▶ [What this task involves] Which lines run from the one containing "Some of the words" to the end of the material below? Retype exactly those, both ends included, and nothing else.
★ ★ ★ ★ ★
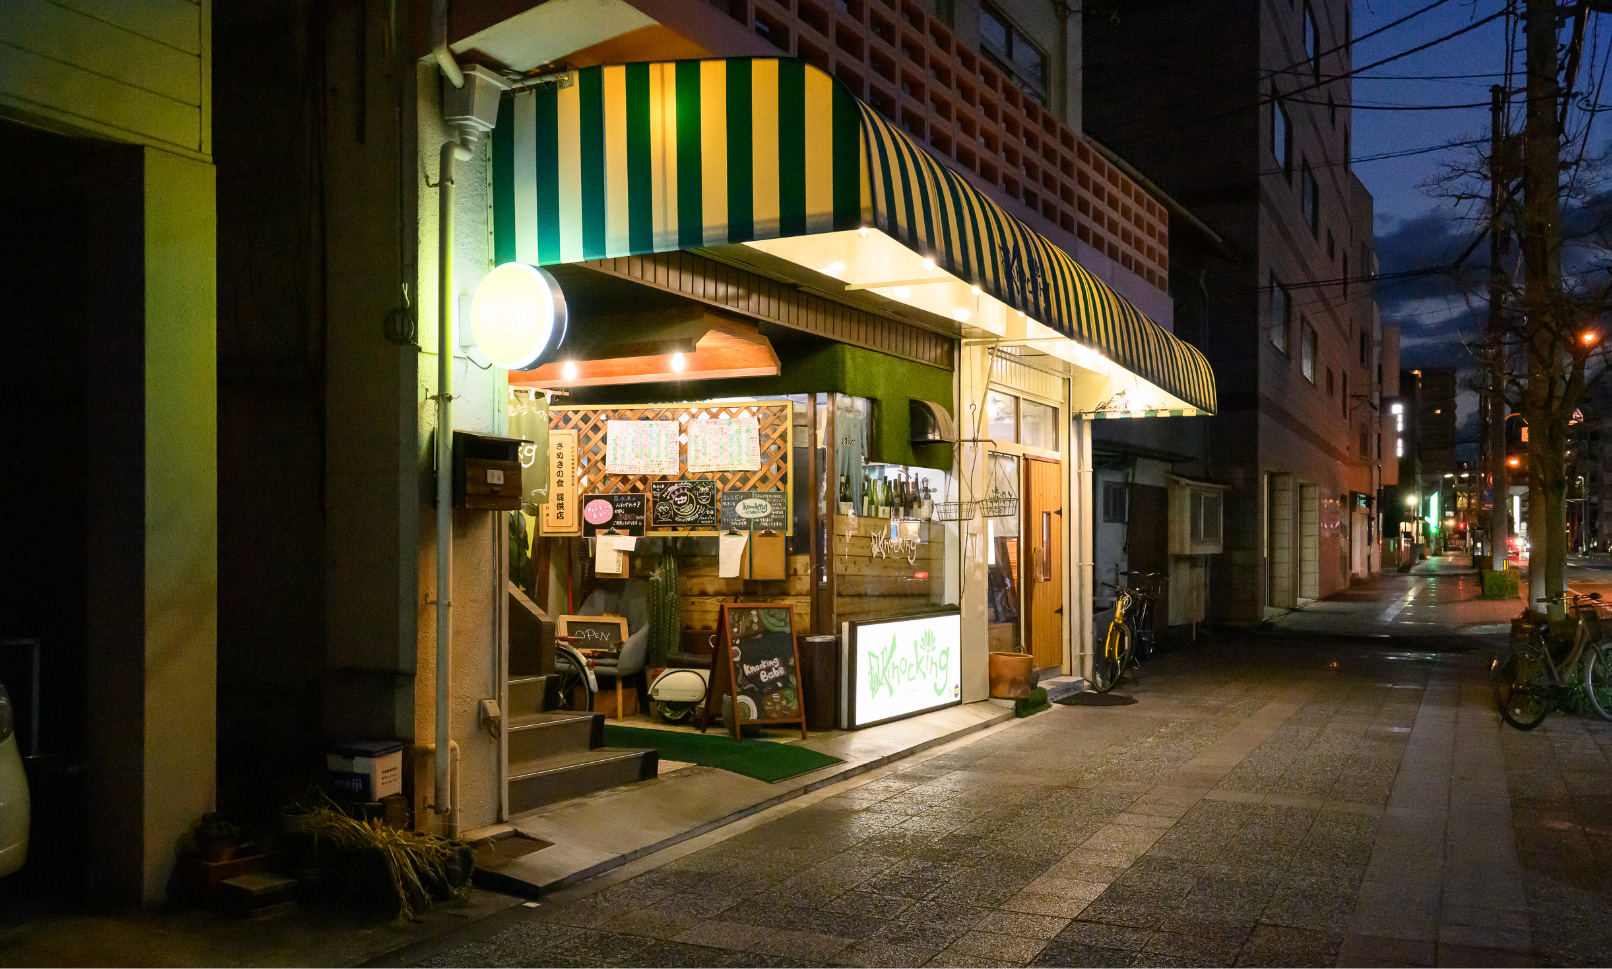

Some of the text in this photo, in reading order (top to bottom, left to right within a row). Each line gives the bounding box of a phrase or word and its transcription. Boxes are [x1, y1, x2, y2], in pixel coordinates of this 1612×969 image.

[743, 657, 780, 676] Knocking
[877, 630, 951, 699] Knocking
[759, 666, 785, 683] Babe
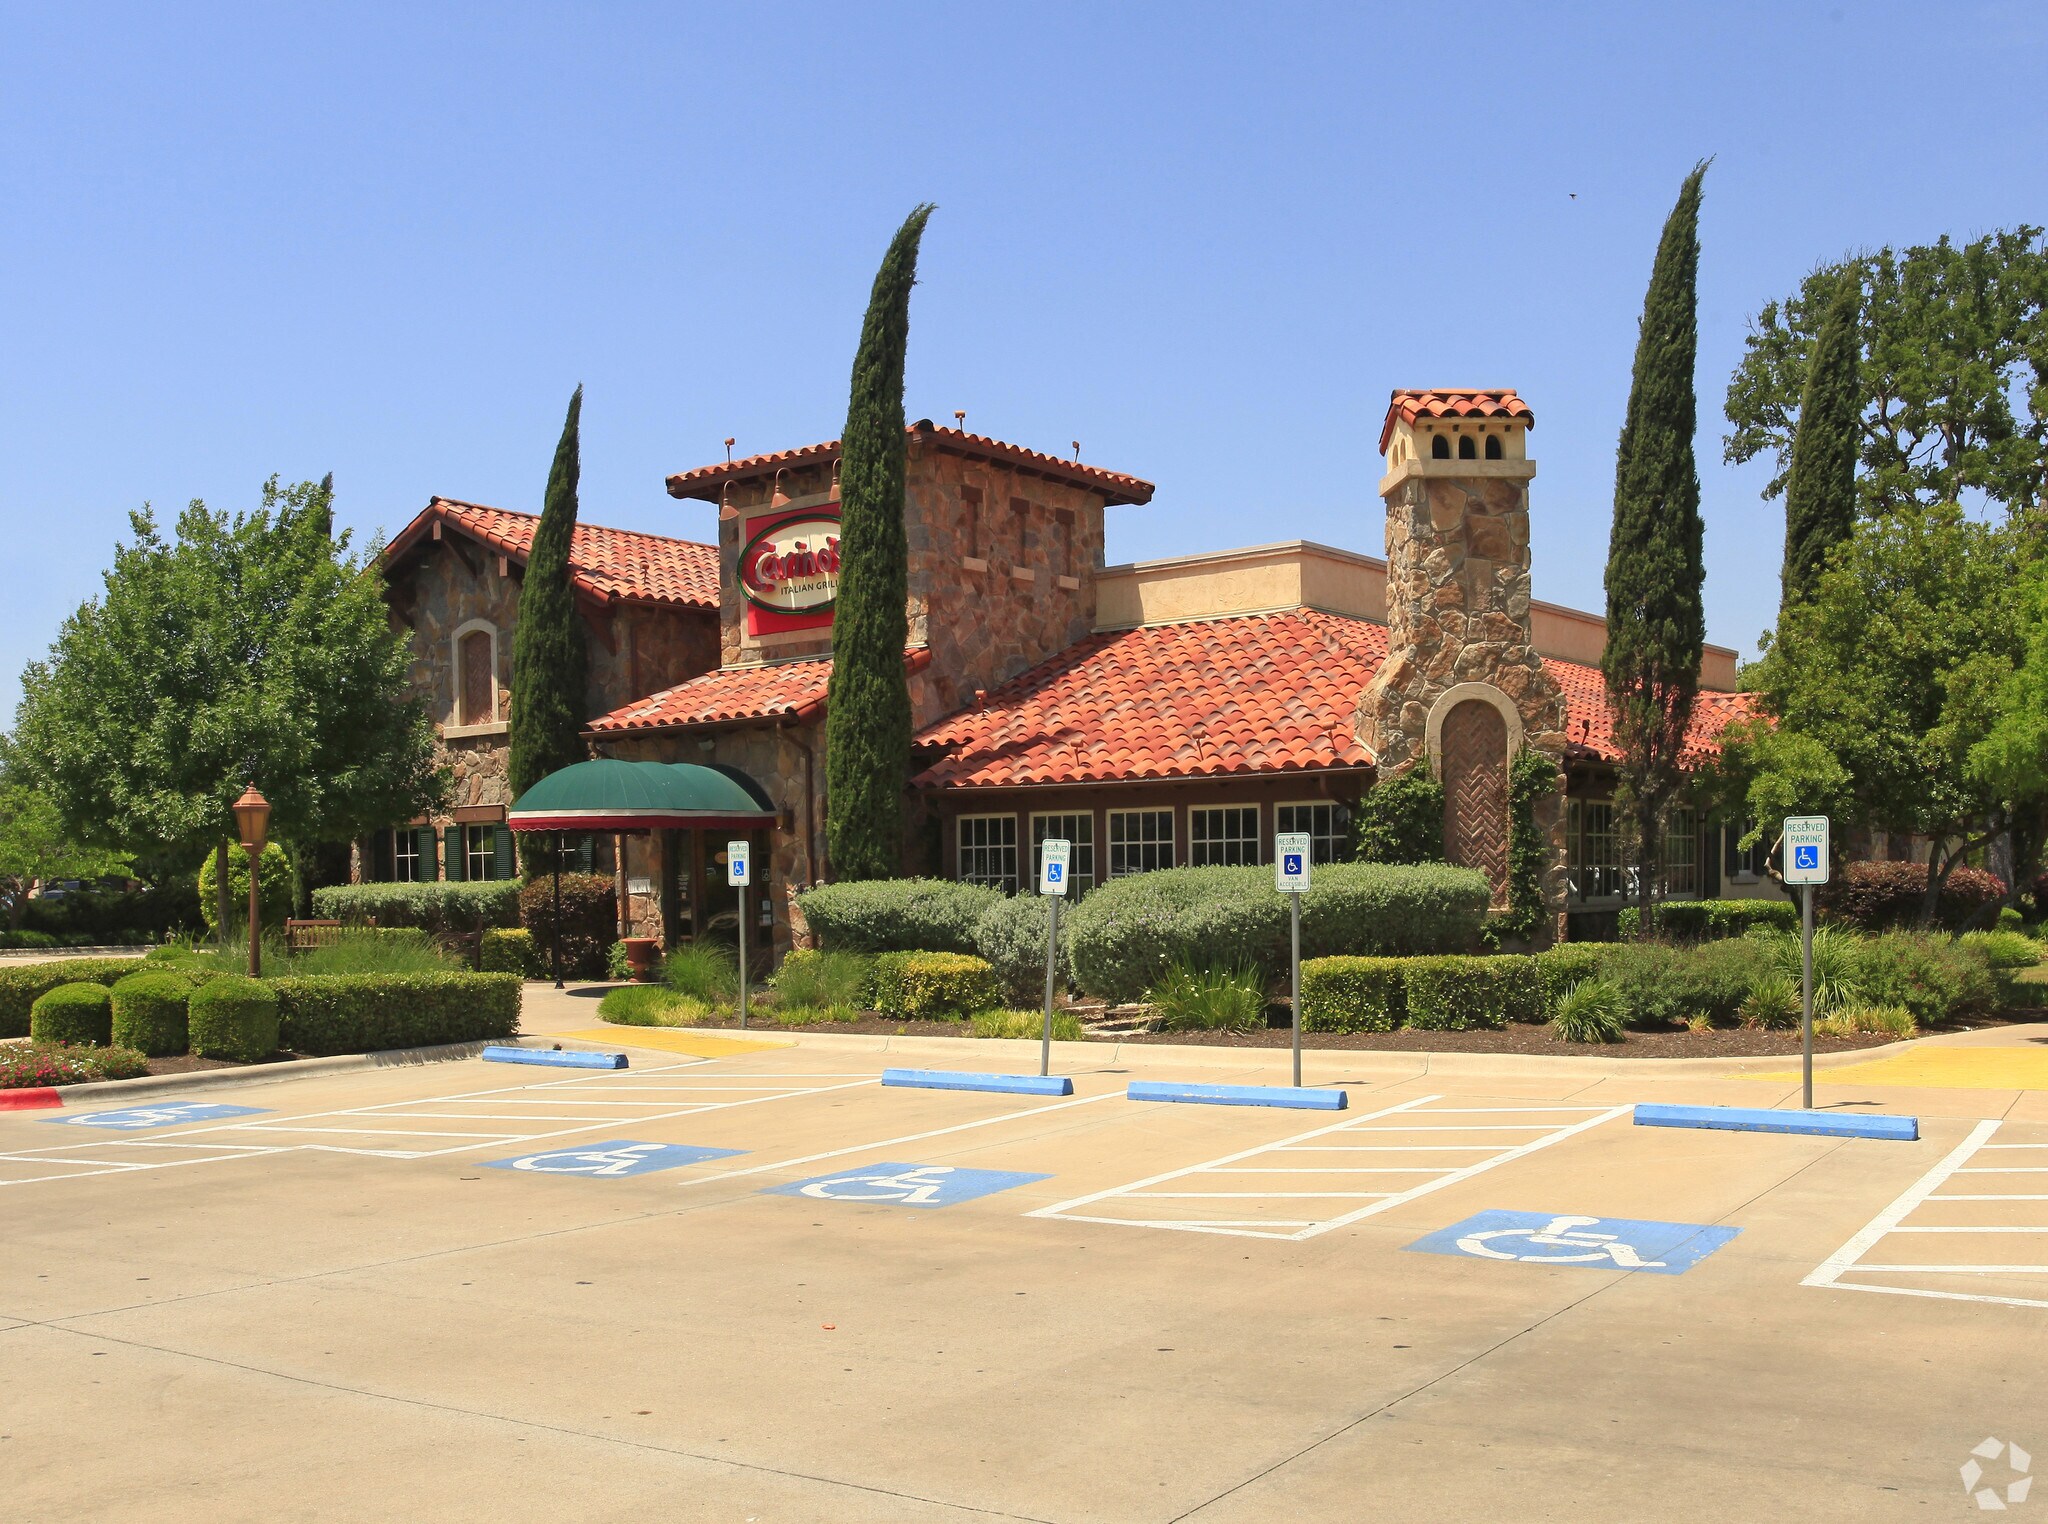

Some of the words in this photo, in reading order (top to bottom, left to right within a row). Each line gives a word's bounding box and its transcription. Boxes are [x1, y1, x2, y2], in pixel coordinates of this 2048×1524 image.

[781, 583, 814, 595] ITALIAN
[1787, 823, 1826, 832] RESERVED
[1278, 838, 1308, 846] RESERVED
[1790, 834, 1823, 843] PARKING
[1280, 846, 1306, 854] PARKING
[1045, 854, 1067, 862] PARKING
★ ★ ★ ★ ★
▶ [Response]
Some of the words in this photo, in reading order (top to bottom, left to right within a row). Each line gives a word's bounding box and its transcription. Boxes are [x1, y1, x2, y2], in pixel coordinates of this 2048×1524 image.

[781, 583, 814, 595] ITALIAN
[1787, 823, 1826, 832] RESERVED
[1278, 838, 1308, 846] RESERVED
[1790, 834, 1823, 843] PARKING
[1280, 846, 1306, 854] PARKING
[1045, 854, 1067, 862] PARKING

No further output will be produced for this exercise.